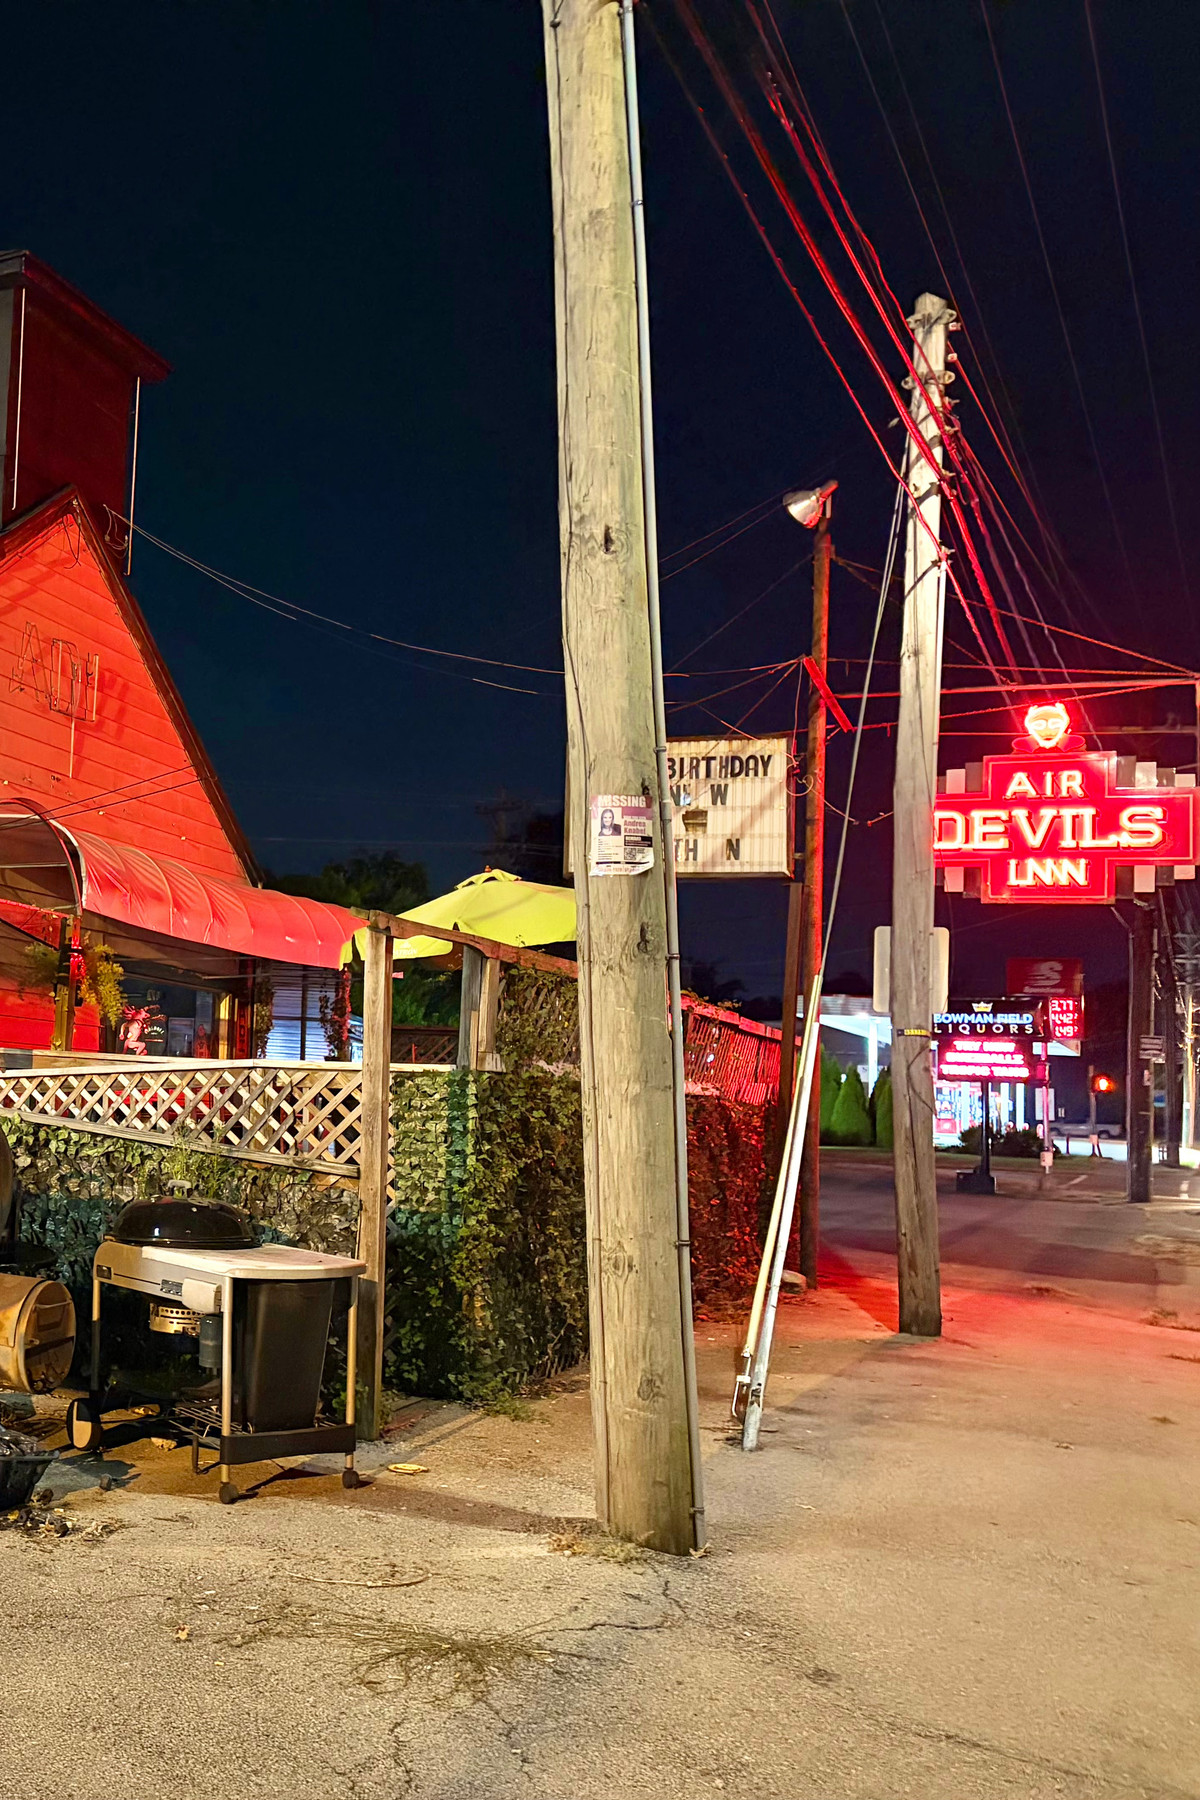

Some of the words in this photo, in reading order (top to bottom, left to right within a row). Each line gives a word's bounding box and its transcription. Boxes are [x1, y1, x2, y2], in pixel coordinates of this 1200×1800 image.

[1002, 770, 1086, 800] AIR
[597, 795, 647, 808] MISSING
[933, 806, 1167, 850] DEVILS
[1007, 858, 1090, 888] INN
[933, 1013, 994, 1024] BOWMAN
[995, 1013, 1034, 1025] FIELD
[933, 1024, 1034, 1034] LIQUORS
•••••
What you need to do
Exact copy, no pictures: reproduce every entry shown above.

Exercise solution
Some of the words in this photo, in reading order (top to bottom, left to right within a row). Each line gives a word's bounding box and its transcription. Boxes are [x1, y1, x2, y2], in pixel coordinates of this 1200×1800 image.

[1002, 770, 1086, 800] AIR
[597, 795, 647, 808] MISSING
[933, 806, 1167, 850] DEVILS
[1007, 858, 1090, 888] INN
[933, 1013, 994, 1024] BOWMAN
[995, 1013, 1034, 1025] FIELD
[933, 1024, 1034, 1034] LIQUORS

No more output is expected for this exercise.